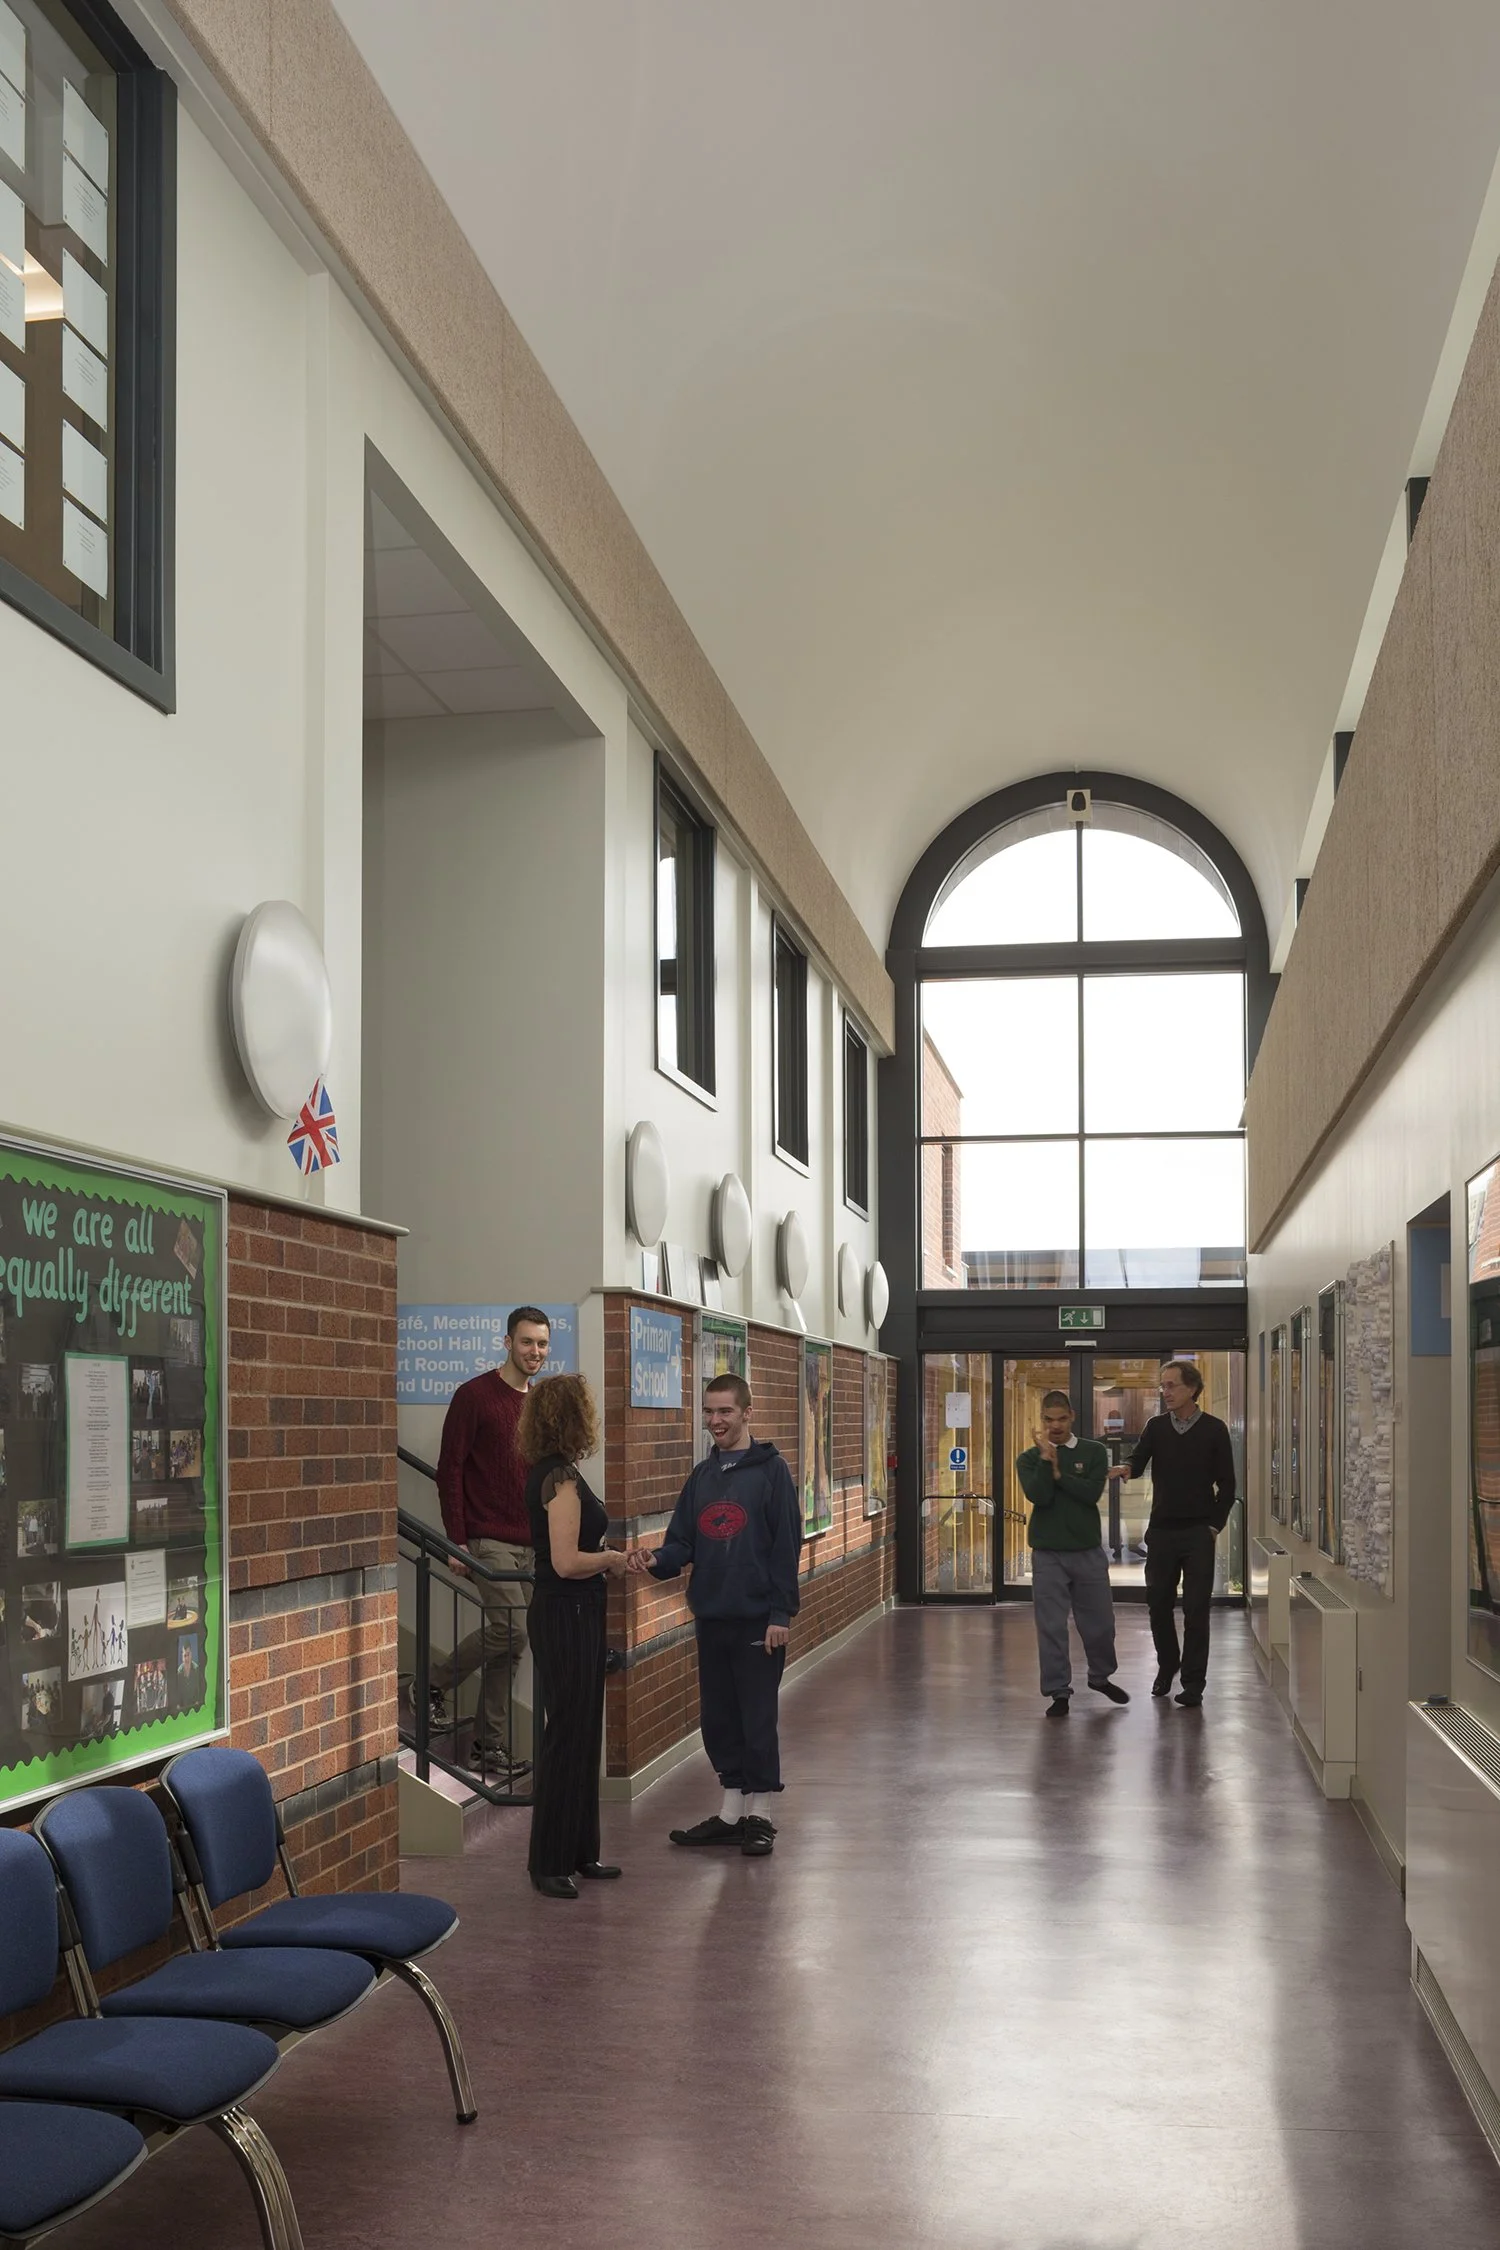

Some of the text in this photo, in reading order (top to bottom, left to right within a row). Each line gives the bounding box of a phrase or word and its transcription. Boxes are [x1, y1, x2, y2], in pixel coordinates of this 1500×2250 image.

[22, 1197, 154, 1254] we are all
[99, 1257, 192, 1338] different
[397, 1315, 428, 1333] afé,
[433, 1315, 501, 1333] Meeting
[397, 1336, 443, 1351] chool
[449, 1336, 486, 1353] Hall,
[634, 1316, 672, 1361] Primary
[397, 1356, 566, 1374] rt Room, Secary
[396, 1378, 464, 1396] nd Uppe
[634, 1362, 669, 1398] School

▸ **Task details**
Transcribe the records above verbatim. Do not carry over any picture.

▸ **Answer space**
Some of the text in this photo, in reading order (top to bottom, left to right within a row). Each line gives the bounding box of a phrase or word and its transcription. Boxes are [x1, y1, x2, y2], in pixel coordinates of this 1500×2250 image.

[22, 1197, 154, 1254] we are all
[99, 1257, 192, 1338] different
[397, 1315, 428, 1333] afé,
[433, 1315, 501, 1333] Meeting
[397, 1336, 443, 1351] chool
[449, 1336, 486, 1353] Hall,
[634, 1316, 672, 1361] Primary
[397, 1356, 566, 1374] rt Room, Secary
[396, 1378, 464, 1396] nd Uppe
[634, 1362, 669, 1398] School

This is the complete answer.